[Dataset entries]
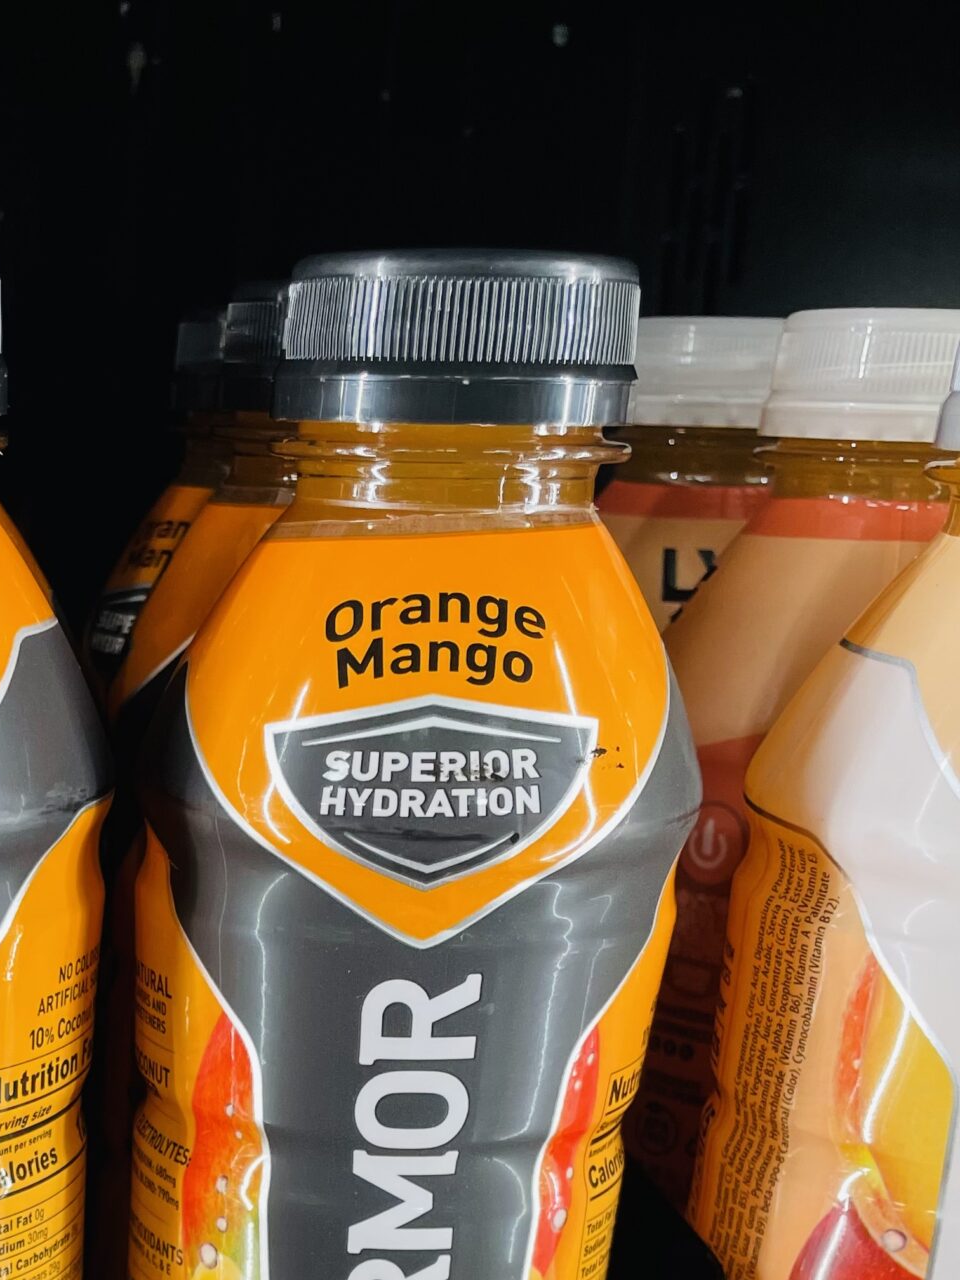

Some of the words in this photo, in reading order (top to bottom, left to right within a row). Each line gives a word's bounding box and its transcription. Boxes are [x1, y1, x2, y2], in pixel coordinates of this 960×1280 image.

[325, 591, 546, 643] Orange
[336, 636, 533, 690] Mango
[322, 749, 540, 784] SUPERIOR
[319, 785, 542, 819] HYDRATION
[789, 876, 804, 904] Ester
[766, 904, 781, 937] Stevia
[785, 914, 803, 959] Acetate
[796, 863, 819, 914] (Vitamin
[59, 963, 73, 984] NO
[767, 948, 784, 1014] Concentrate
[37, 983, 89, 1016] ARTIFICIAL
[782, 1067, 802, 1106] (Color),
[792, 975, 818, 1065] Cyanocobalamin
[809, 925, 827, 975] (Vitamin
[29, 1026, 55, 1050] 10%
[751, 1142, 776, 1199] Pyridoxine
[780, 1017, 798, 1066] (Vitamin
[794, 942, 810, 987] Vitamin
[804, 870, 831, 926] Palmitate
[763, 1015, 774, 1044] Juice
[750, 1044, 768, 1097] Vegetable
[32, 1104, 53, 1123] size
[16, 1213, 33, 1229] Fat
[27, 1226, 49, 1245] 30mg

**Task to carry out**: Without the pictures, reproduce every line of the records above exactly.

**Response**:
Some of the words in this photo, in reading order (top to bottom, left to right within a row). Each line gives a word's bounding box and its transcription. Boxes are [x1, y1, x2, y2], in pixel coordinates of this 960×1280 image.

[325, 591, 546, 643] Orange
[336, 636, 533, 690] Mango
[322, 749, 540, 784] SUPERIOR
[319, 785, 542, 819] HYDRATION
[789, 876, 804, 904] Ester
[766, 904, 781, 937] Stevia
[785, 914, 803, 959] Acetate
[796, 863, 819, 914] (Vitamin
[59, 963, 73, 984] NO
[767, 948, 784, 1014] Concentrate
[37, 983, 89, 1016] ARTIFICIAL
[782, 1067, 802, 1106] (Color),
[792, 975, 818, 1065] Cyanocobalamin
[809, 925, 827, 975] (Vitamin
[29, 1026, 55, 1050] 10%
[751, 1142, 776, 1199] Pyridoxine
[780, 1017, 798, 1066] (Vitamin
[794, 942, 810, 987] Vitamin
[804, 870, 831, 926] Palmitate
[763, 1015, 774, 1044] Juice
[750, 1044, 768, 1097] Vegetable
[32, 1104, 53, 1123] size
[16, 1213, 33, 1229] Fat
[27, 1226, 49, 1245] 30mg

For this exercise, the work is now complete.